Sissie shook her delicious head.

"No, that would be plutocratic. And you see I've only just married Ozzie. I don't know anything about him yet. When I do, I shall come and talk to you. While you're waiting I wish you'd give me some crockery. One breakfast cup isn't quite enough for two people, after the first day. I saw a set of things in a shop in Oxford Street for £1. 19. 6 which I should love to have.... What's happened to the mater? Is she in a great state about me? Hadn't you better run off and put her out of her misery?"

He went, thoughtful.

He was considerably dashed on his return home, to find the door of his study still locked on the outside. The gesture which on his leaving the room seemed so natural, brilliant and excusable, now presented itself to him as the act of a coarse-minded idiot. He hesitated to unlock the door, but of course he had to unlock it. Eve sat as if at the stake, sublime.

"Arthur, why do you play these tricks on me—and especially when we are in such trouble?"

Why did he, indeed?

"I merely didn't want you to run after me," said he. "I made sure of course that you'd ring the bell at once and have the door opened."

"Did you imagine for a moment that I would let any of the servants know that you'd locked me in a room? No! You couldn't have imagined that. I've too much respect for your reputation in this house to do such a thing, and you ought to know it."

"My child," said Mr. Prohack, once again amazed at Eve's extraordinary gift for putting him in the wrong, and for making him still more wrong when he was wrong. "This is the second time this morning that I've had to surrender to overwhelming force. Name your own terms of peace. But let me tell you in extenuation that I've discovered your offspring. The fact is, I got her in one."

"Where is she?" Eve asked, not eagerly, rather negligently, for she was now more distressed about her husband's behaviour than about Sissie.

"At Ozzie's." As soon as he had uttered the words Mr. Prohack saw his wife's interest fly back from himself to their daughter.

"What's she doing at Ozzie's?"

"Well, she's living with him. They were married yesterday. They thought they'd save you and me and themselves a lot of trouble.... But, look here, my child, it's not a tragedy. What's the matter with you?"
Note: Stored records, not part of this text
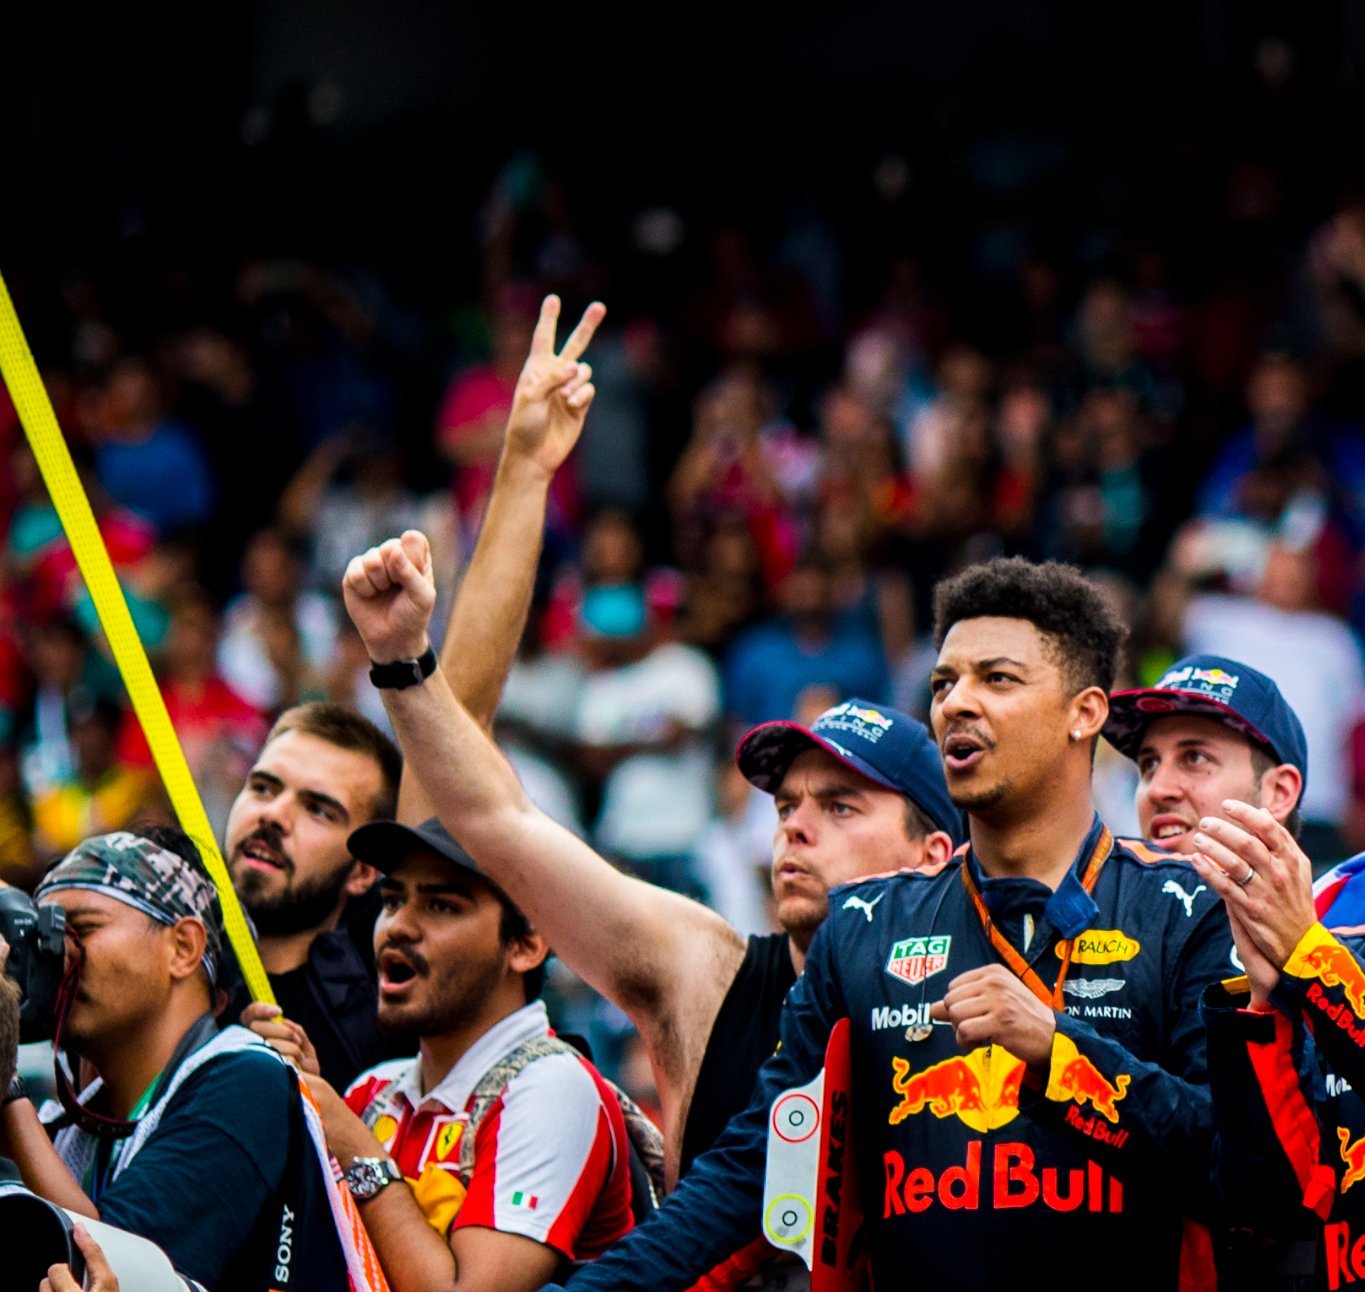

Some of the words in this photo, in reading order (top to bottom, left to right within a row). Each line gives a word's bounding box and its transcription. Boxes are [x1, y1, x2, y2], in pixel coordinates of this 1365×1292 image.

[899, 938, 945, 955] TAG
[1077, 939, 1128, 955] RAUCH
[890, 956, 944, 984] HEUER
[871, 1003, 931, 1031] Mobil
[1084, 1006, 1132, 1020] MARTIN
[1306, 982, 1341, 1020] Red
[1064, 1103, 1094, 1136] Red
[1093, 1119, 1129, 1149] Bull
[821, 1089, 848, 1269] BRAKES
[883, 1140, 982, 1220] Red
[993, 1142, 1124, 1214] Bull
[275, 1203, 295, 1284] SONY
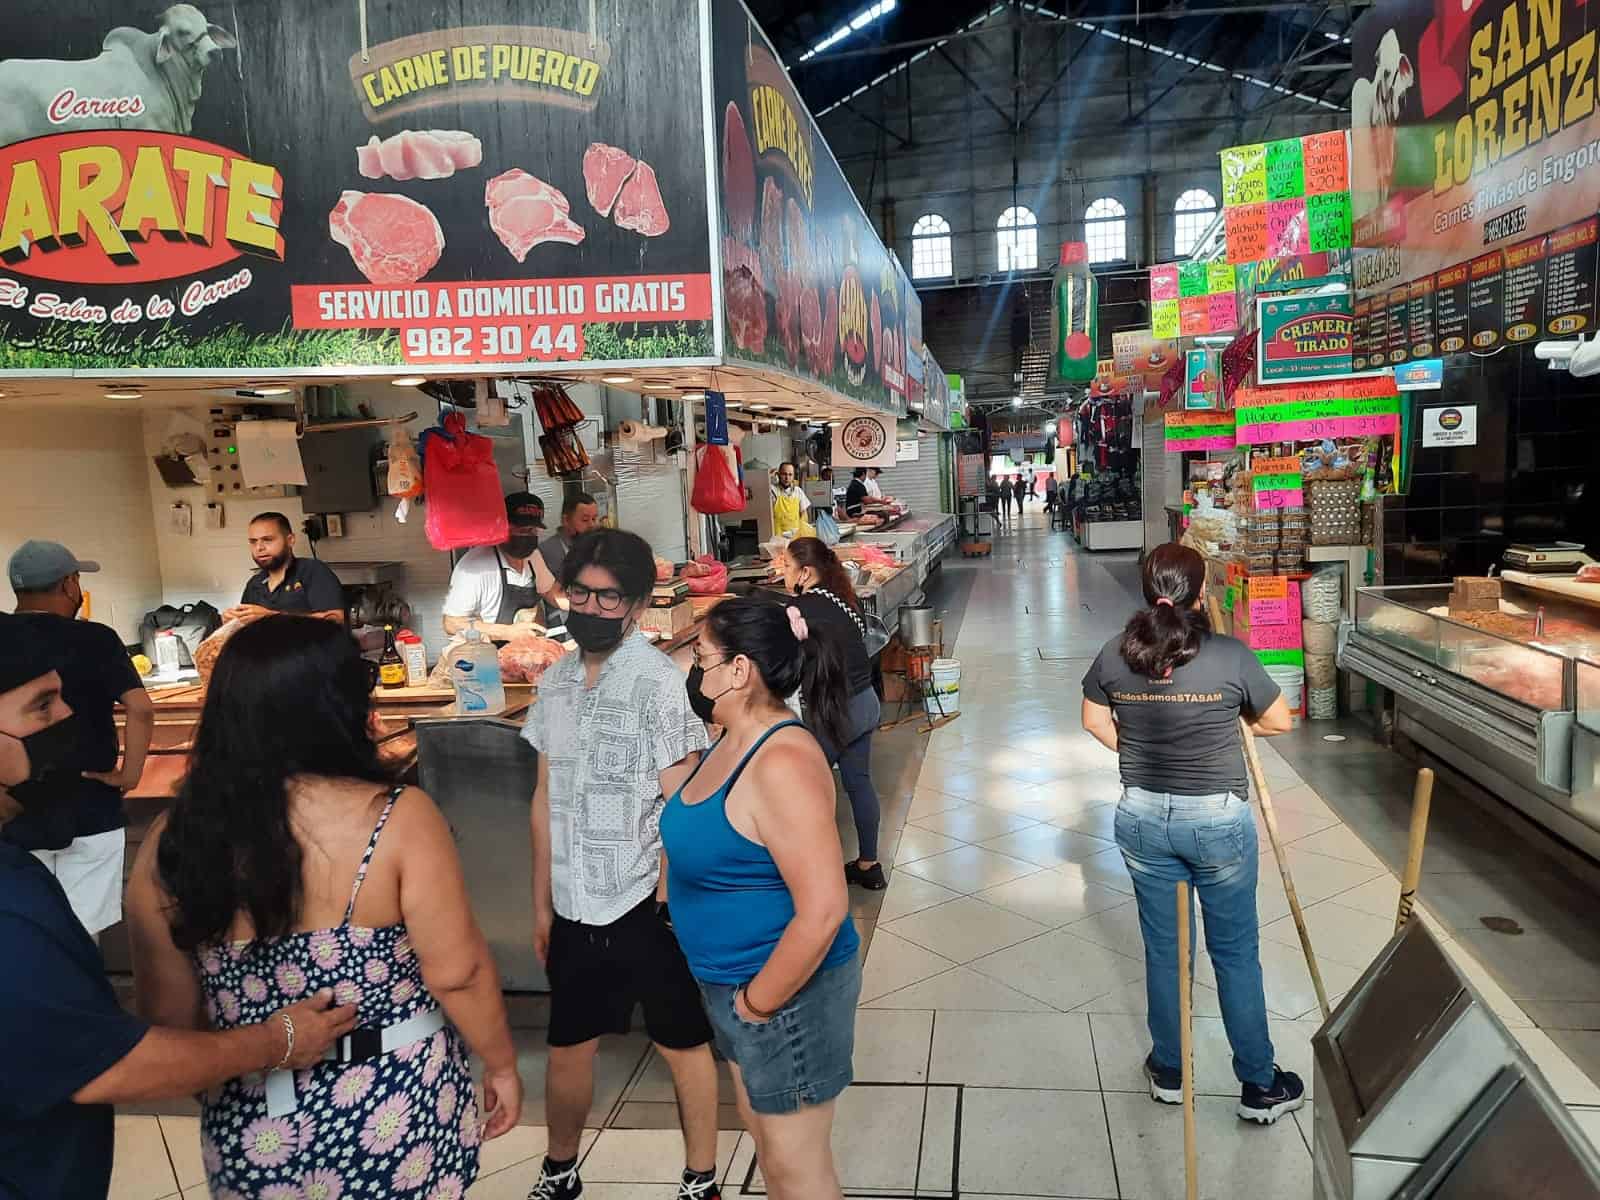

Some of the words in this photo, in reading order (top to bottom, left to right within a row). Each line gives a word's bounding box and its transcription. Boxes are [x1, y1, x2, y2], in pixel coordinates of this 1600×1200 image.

[361, 49, 449, 108] CARNE
[452, 44, 486, 81] DE
[492, 43, 600, 97] PUERCO
[1469, 0, 1561, 104] SAN
[47, 88, 146, 124] Carnes
[1433, 29, 1600, 199] LORENZ
[1432, 201, 1474, 235] Carnes
[1477, 182, 1514, 214] Finas
[1516, 167, 1538, 197] de
[0, 279, 28, 308] El
[29, 293, 108, 325] Sabor
[110, 299, 144, 325] de
[147, 293, 175, 320] la
[181, 267, 252, 316] Carne
[318, 288, 430, 320] SERVICIO
[434, 287, 453, 319] A
[457, 283, 586, 317] DOMICILIO
[594, 281, 686, 313] GRATIS
[406, 326, 473, 358] 982
[480, 324, 523, 356] 30
[529, 323, 579, 354] 44
[1280, 319, 1353, 341] CREMERI
[1295, 337, 1349, 353] TIRADO
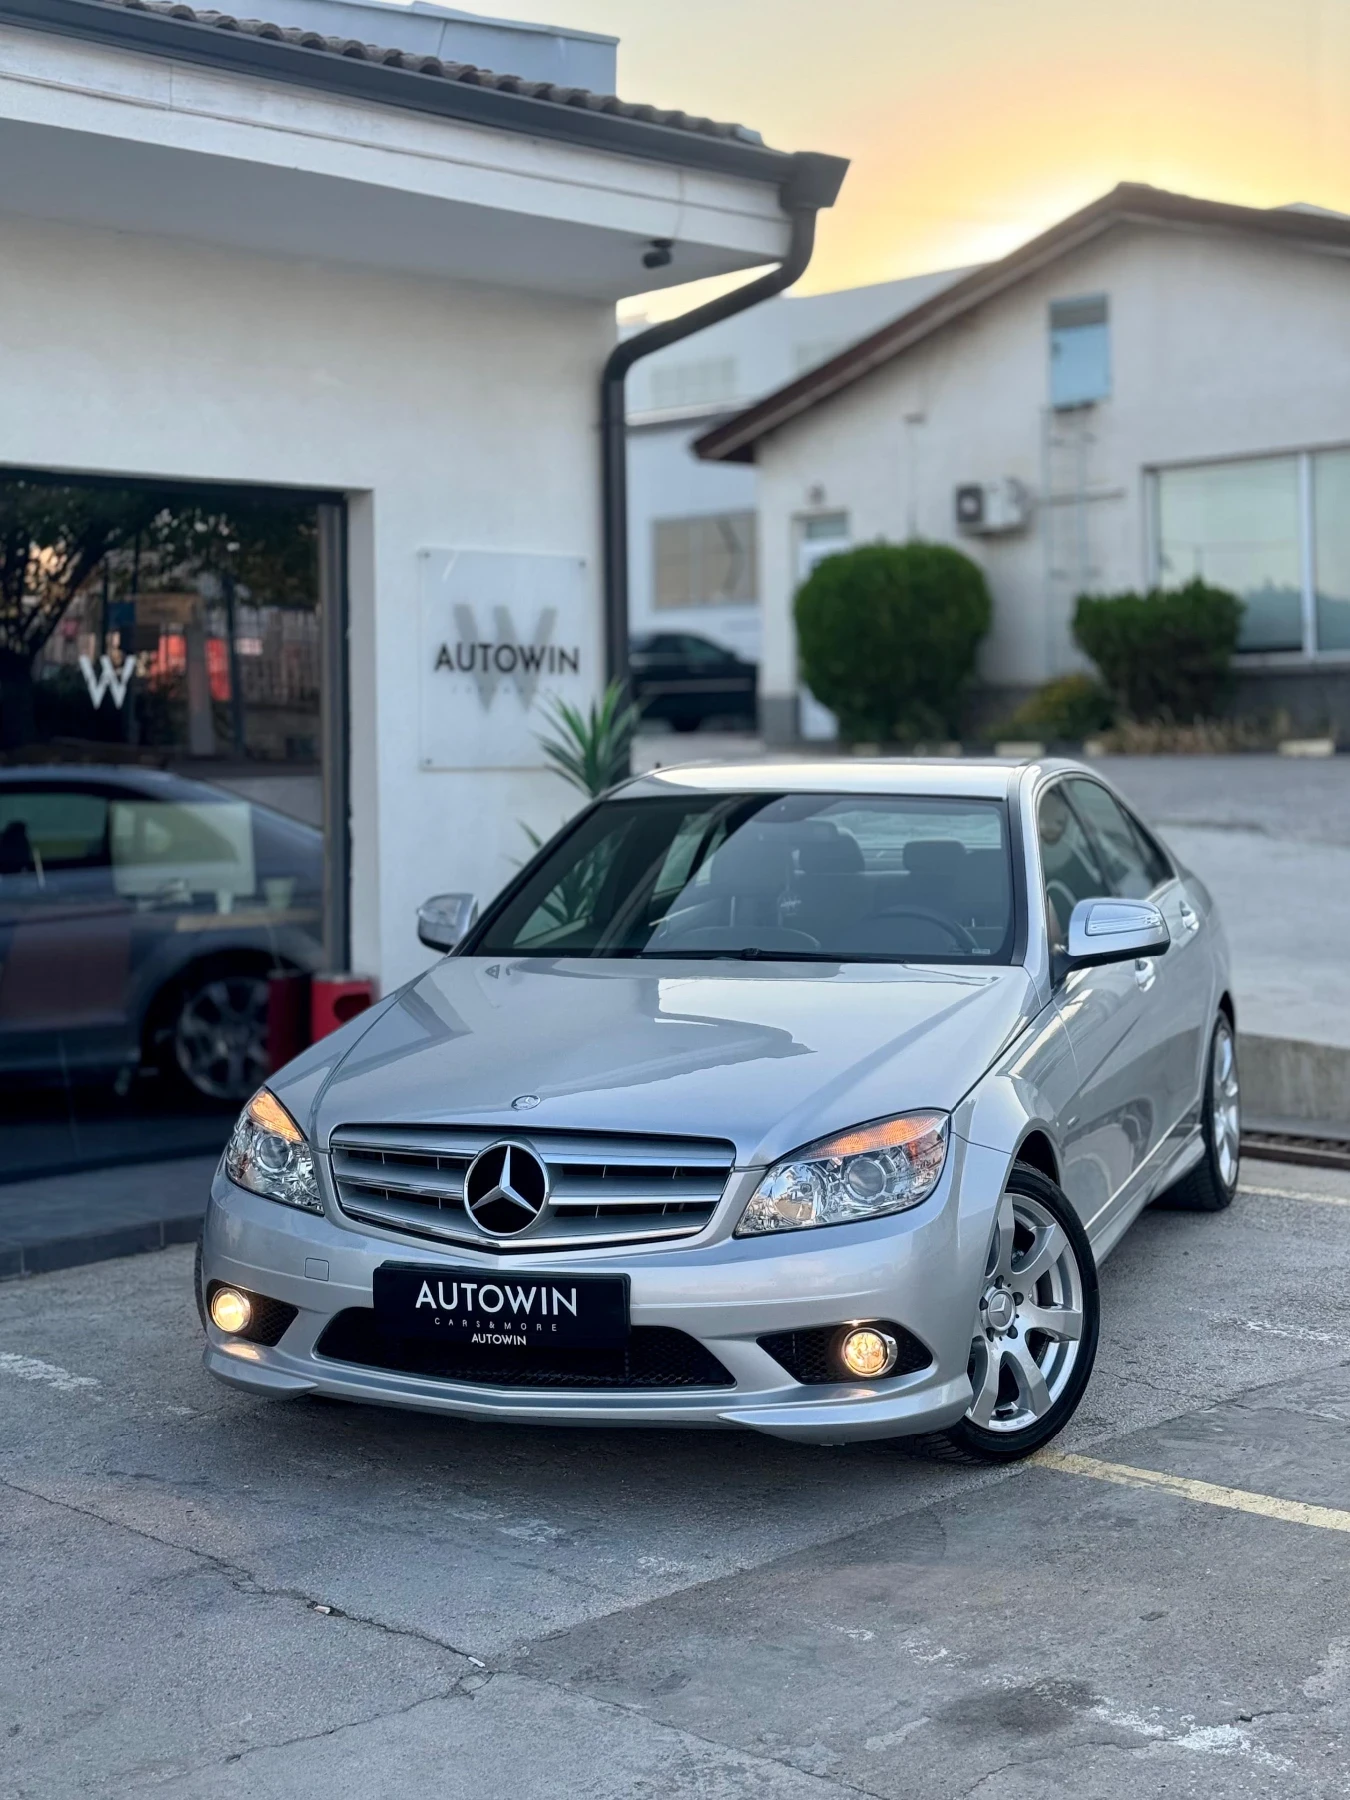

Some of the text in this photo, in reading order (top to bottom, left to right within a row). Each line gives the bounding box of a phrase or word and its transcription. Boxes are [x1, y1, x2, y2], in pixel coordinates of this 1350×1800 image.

[434, 642, 580, 675] AUTOWIN
[79, 654, 137, 710] W
[415, 1280, 578, 1316] AUTOWIN
[471, 1332, 527, 1346] AUTOWIN
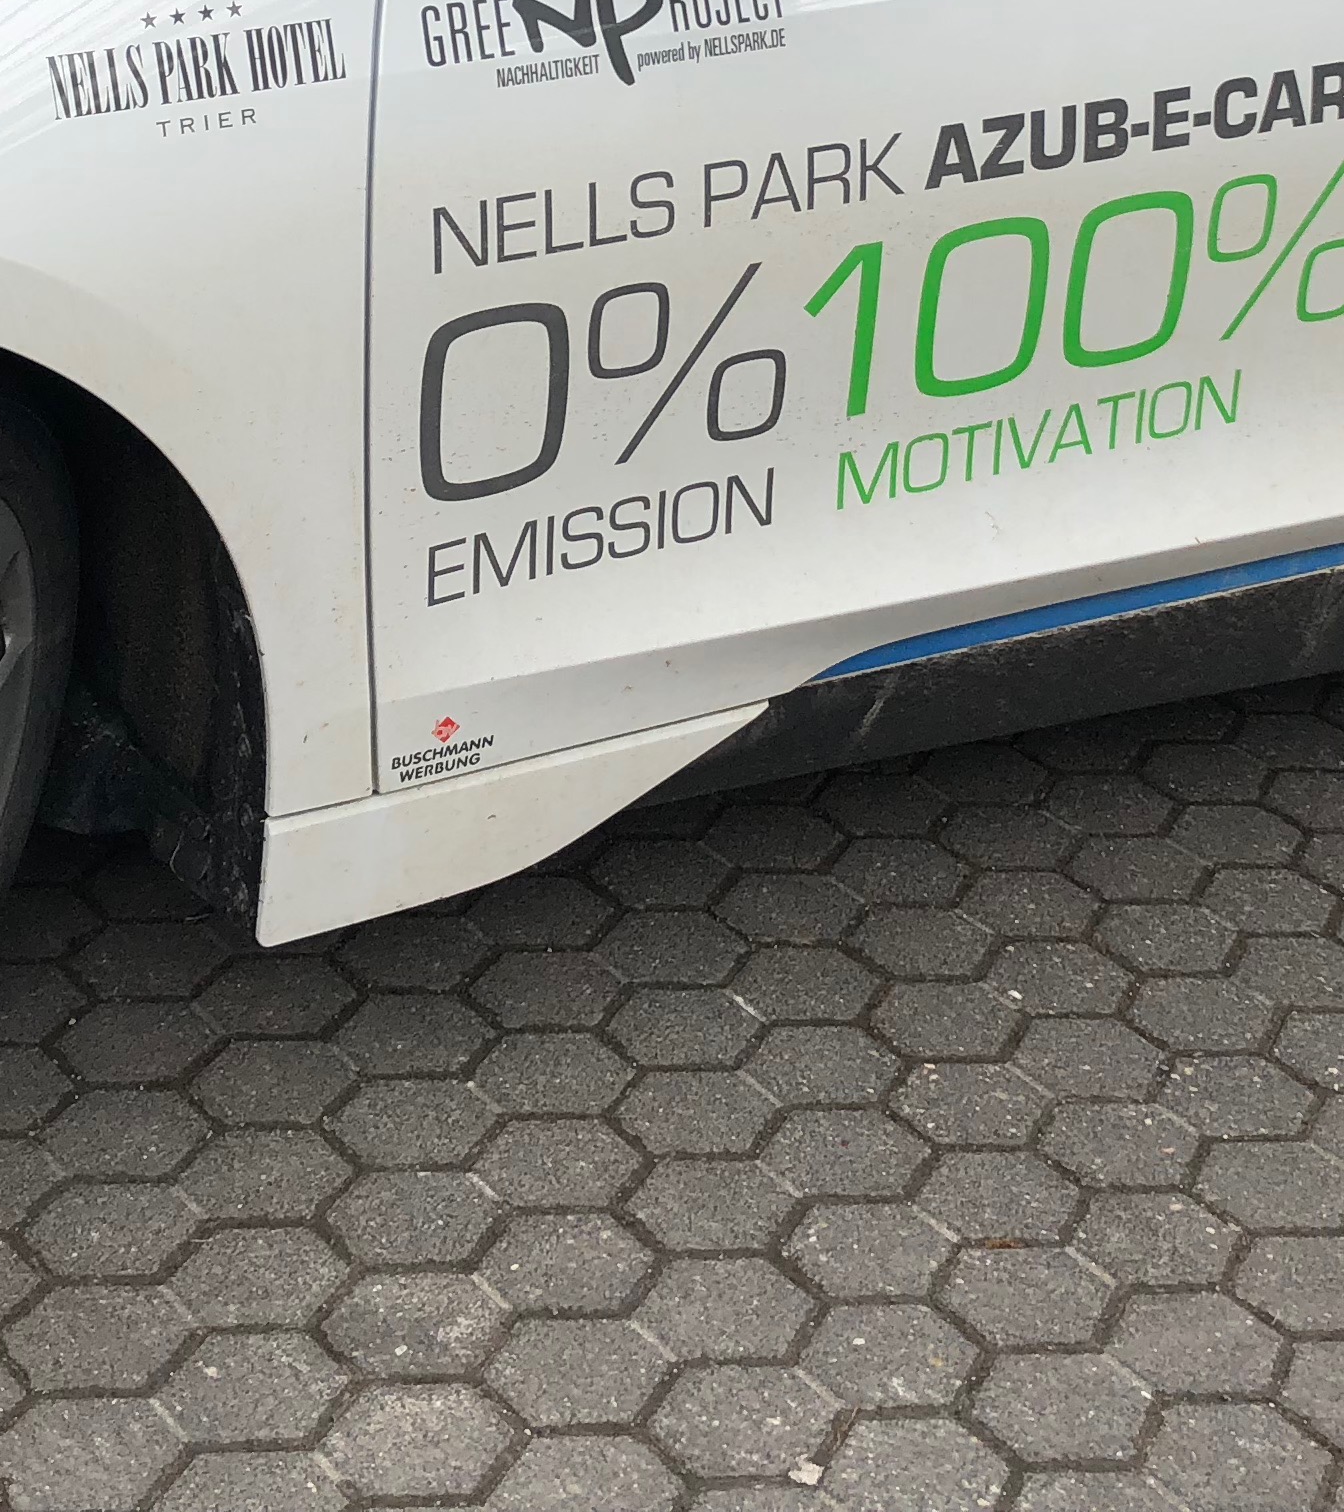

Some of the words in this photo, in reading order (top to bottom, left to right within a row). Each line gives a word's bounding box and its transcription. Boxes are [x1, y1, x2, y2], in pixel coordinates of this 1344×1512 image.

Eve's face was a mask of catastrophe. She did not cry. The affair went too deep for tears.

"I suppose I shall have to forgive Sissie—some day; but I've never been so insulted in my life. Never! And never shall I forget it! And I've no doubt that you and Sissie treated it all as a great piece of fun. You would!"

The poor lady had gone as pale as ivory. Mr. Prohack was astonished—he even felt hurt—that he had not seen the thing from Eve's point of view earlier. Emphatically it did amount to an insult for Eve, to say naught of the immense desolating disappointment to her. And yet Sissie, princess among daughters, had not shown by a single inflection of her voice that she had any sympathy with her mother, or any genuine appreciation of what the secret marriage would mean to her. Youth was incredibly cruel; and age too, in the shape of Mr. Prohack himself, had not been much less cruel.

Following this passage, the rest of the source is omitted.